Engineers from Washington State University believe they have finally developed a sustainable material capable of replacing the ubiquitous, but troublesome, Styrofoam.
Polystyrene foam — the official name of the material first created by Dow Chemical researchers in 1941 — proliferated into everything from packaging to coffee cups in recent decades, but it also presents numerous problems, from its toxic, petroleum-derived ingredients to its inability to degrade. As more municipalities and even entire states consider restrictions on the material, some restaurants are already moving away from Styrofoam boxes and cups.
Washington State researchers noted that previous attempts to create a plant-based alternative to Styrofoam resulted in materials that were weaker, faltered in heat and humidity and failed to insulate as well.
In their study, published in the journal Carbohydrate Polymers, engineers used an acid hydrolysis process to break cellulose into nanocrystals, then added polyvinyl alcohol to make the resulting foam more elastic.

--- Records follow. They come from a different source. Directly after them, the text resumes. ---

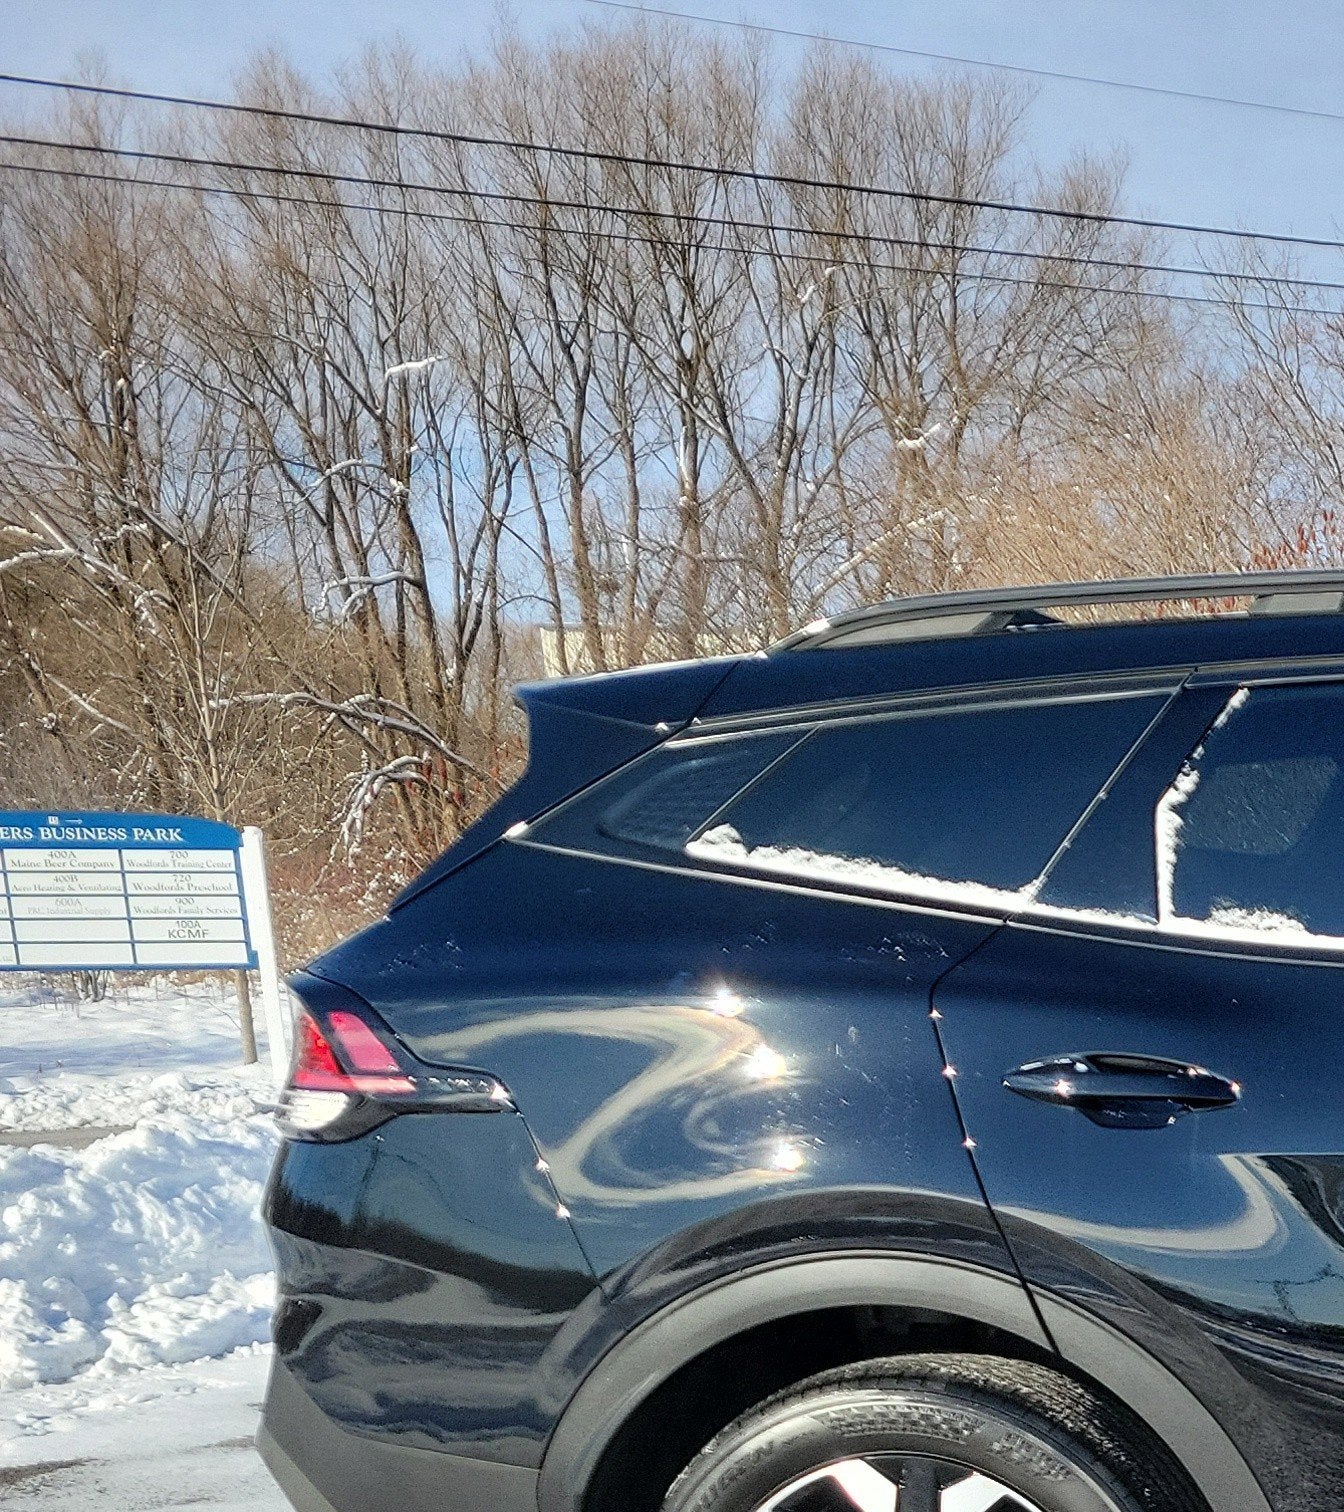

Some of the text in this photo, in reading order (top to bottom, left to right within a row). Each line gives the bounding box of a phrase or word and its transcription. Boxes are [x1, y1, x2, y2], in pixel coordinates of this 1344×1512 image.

[38, 827, 127, 841] BUSINESS
[131, 828, 184, 841] PARK
[48, 851, 77, 859] 400A
[168, 851, 189, 859] 700
[10, 859, 42, 868] Maine
[69, 859, 115, 869] Company
[205, 860, 232, 868] Center
[187, 883, 233, 891] Preschool
[175, 898, 195, 906] 900
[168, 930, 209, 939] KCMF
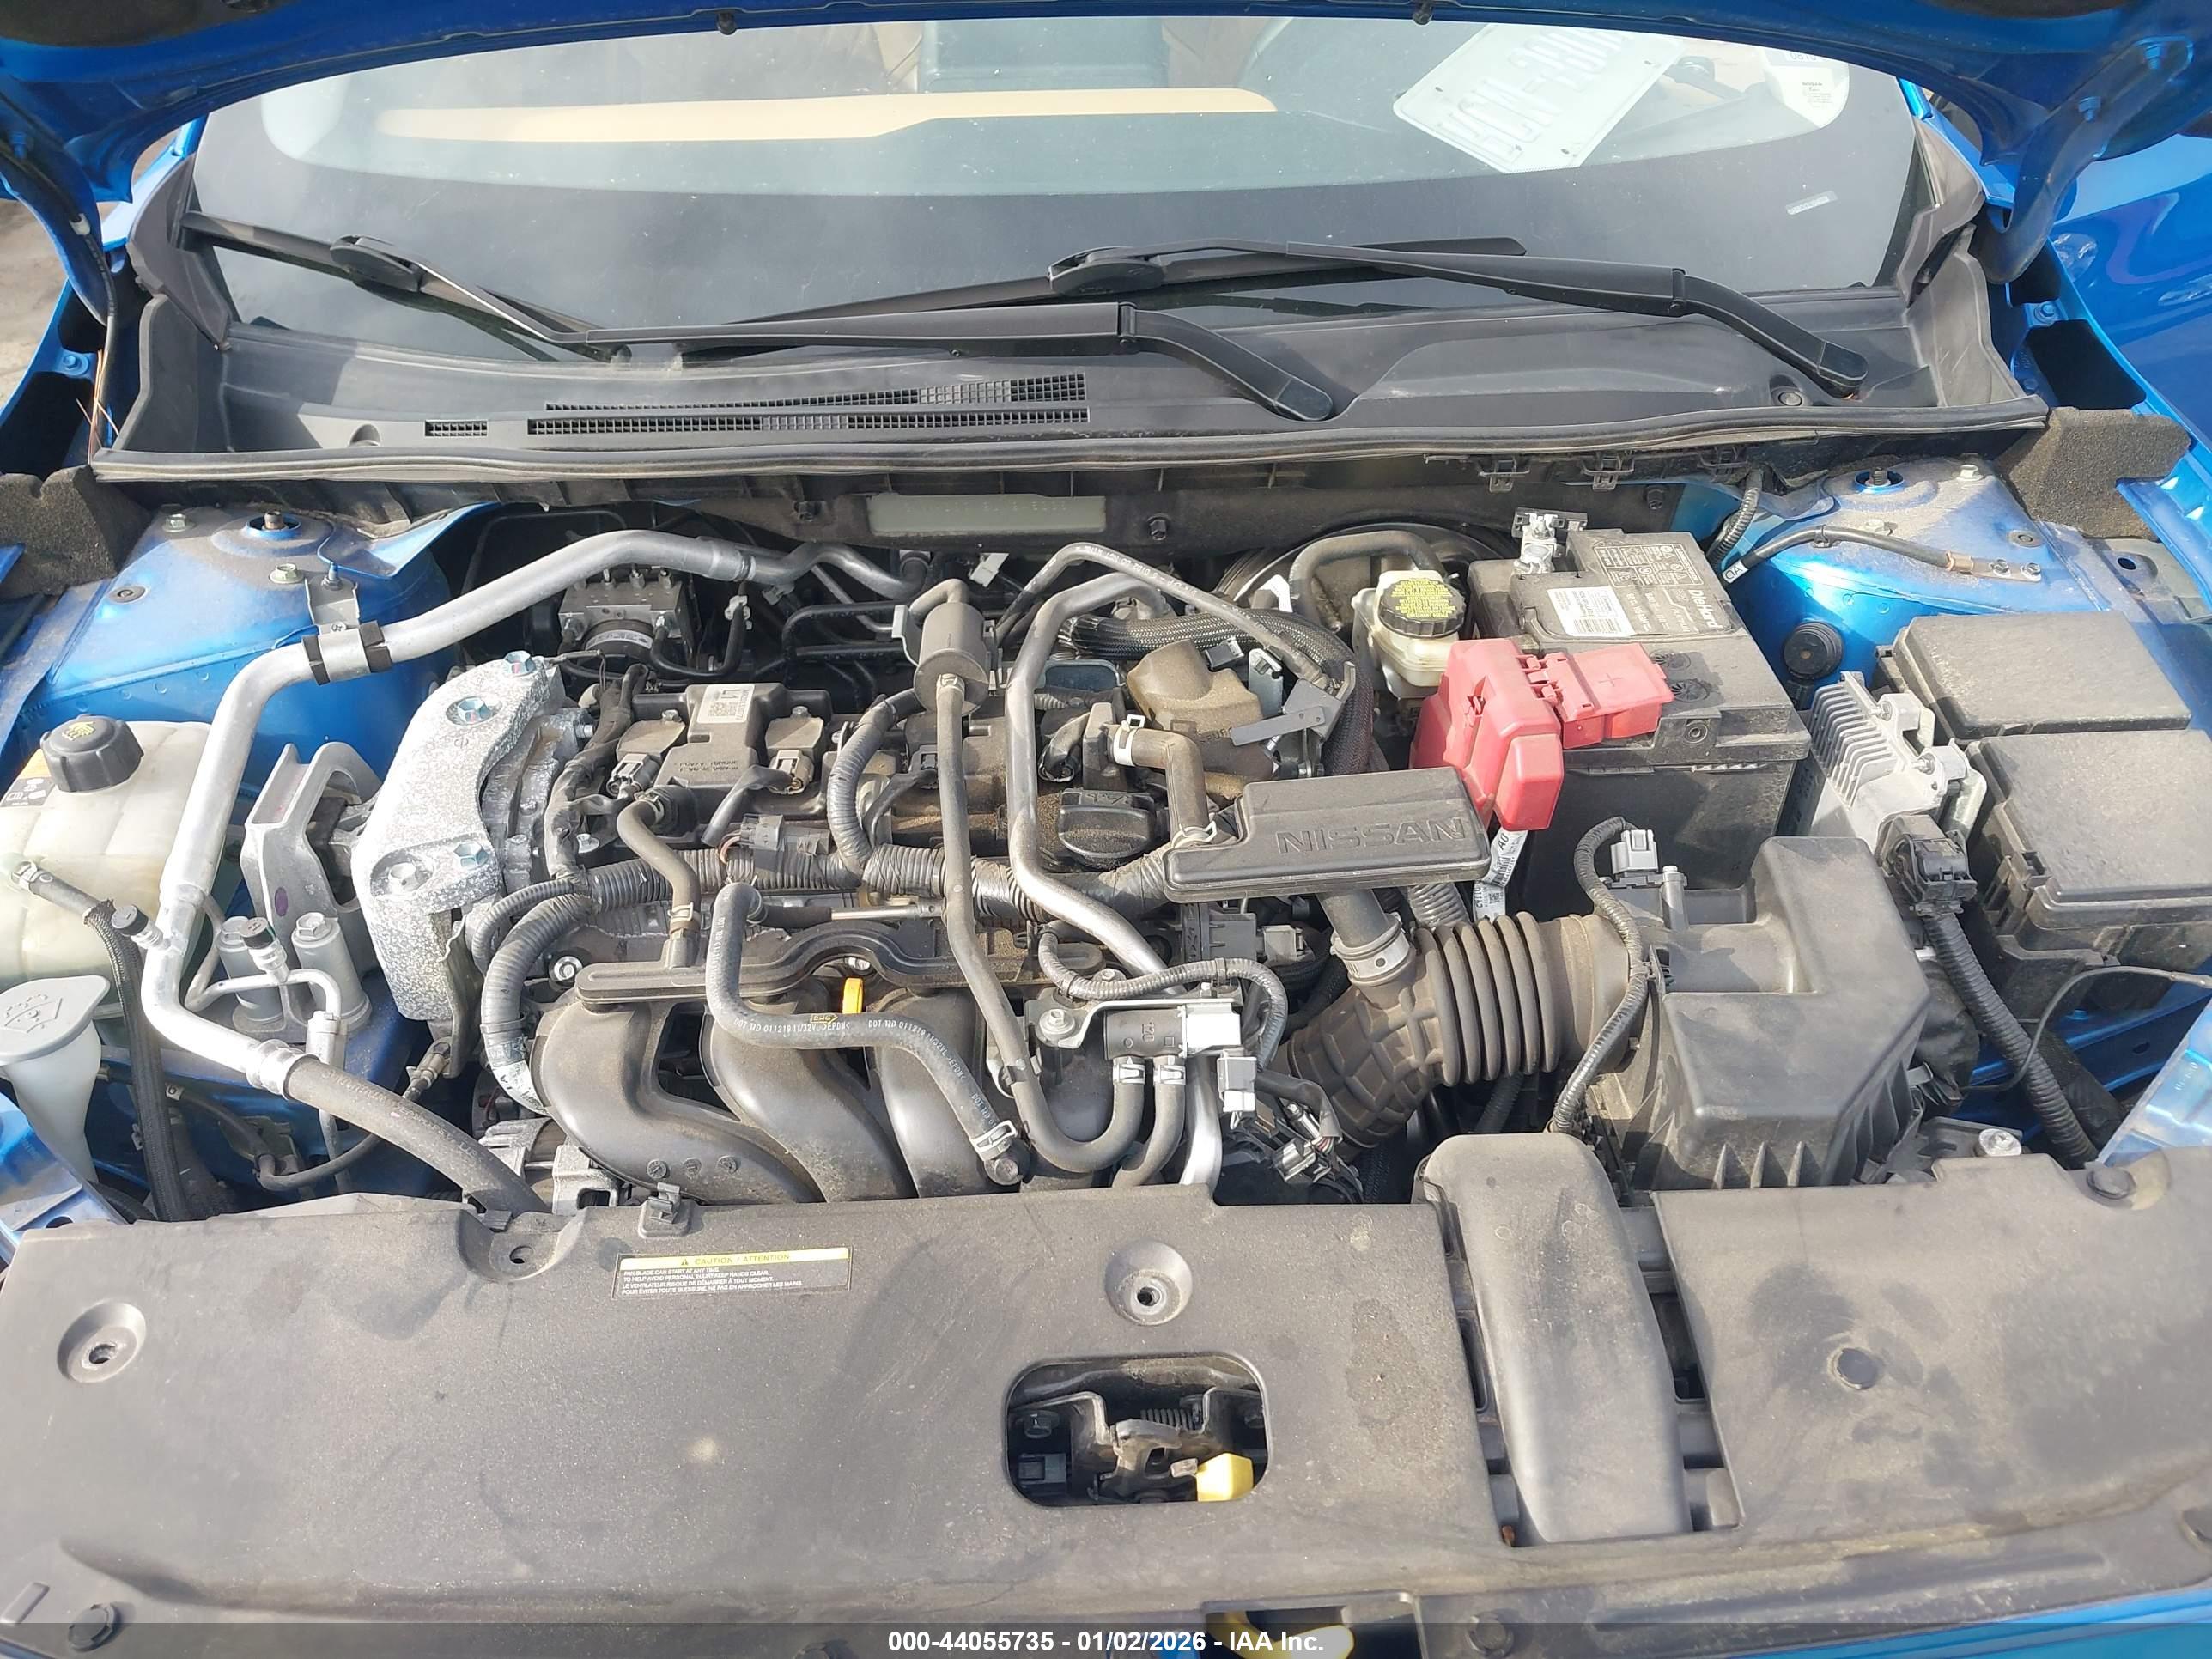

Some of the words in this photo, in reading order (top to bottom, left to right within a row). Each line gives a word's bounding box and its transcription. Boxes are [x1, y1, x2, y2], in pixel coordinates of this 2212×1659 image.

[1687, 589, 1723, 630] DieHard
[1276, 817, 1467, 854] NISSAN
[695, 1256, 733, 1266] CAUTION
[744, 1254, 790, 1263] ATTENTION
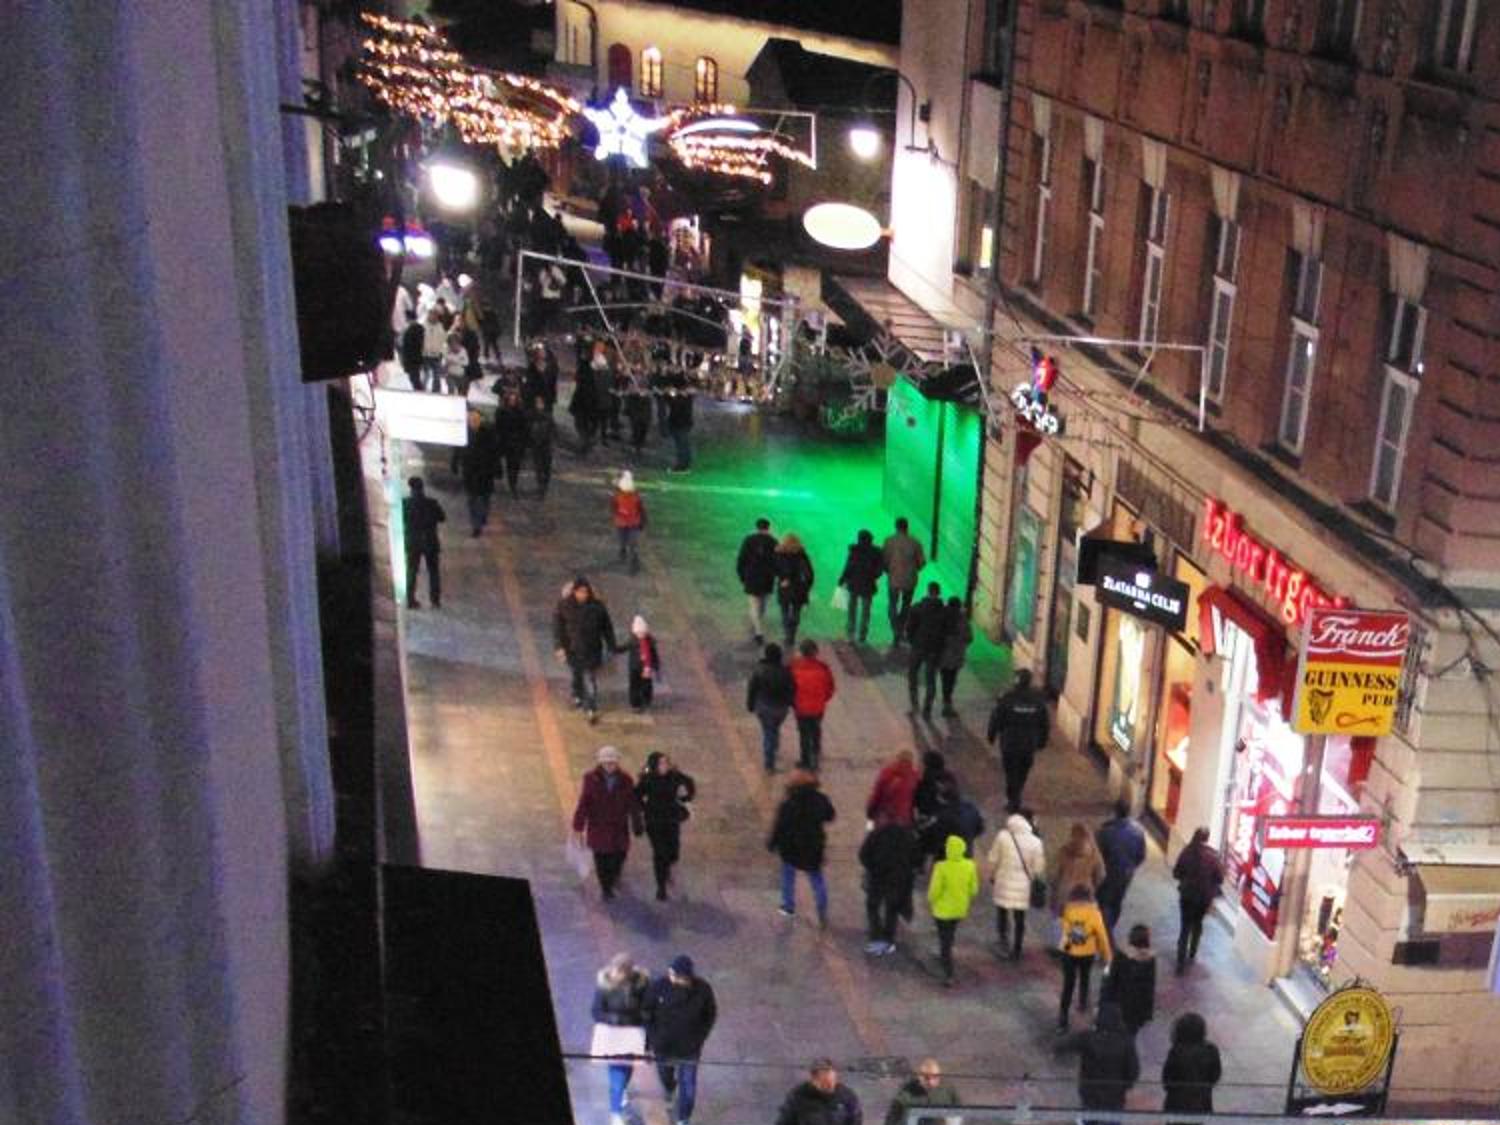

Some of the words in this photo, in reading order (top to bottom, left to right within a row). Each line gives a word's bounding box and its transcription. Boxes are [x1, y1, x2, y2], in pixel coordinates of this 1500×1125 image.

The end result, comprised of about 75 percent material derived from wood pulp, was lightweight, supported up to 200 times its weight and surpassed the insulation capabilities of Styrofoam. Most importantly, the material is produced relatively easily — using only water as a solvent — as well as degrades and burns without producing harmful pollution.
“This promising material has many desirable properties, and to be able to transfer these properties to a bulk scale for the first time through this engineered approach is very exciting,” Washington State chemical engineer Xiao Zhang said in a release.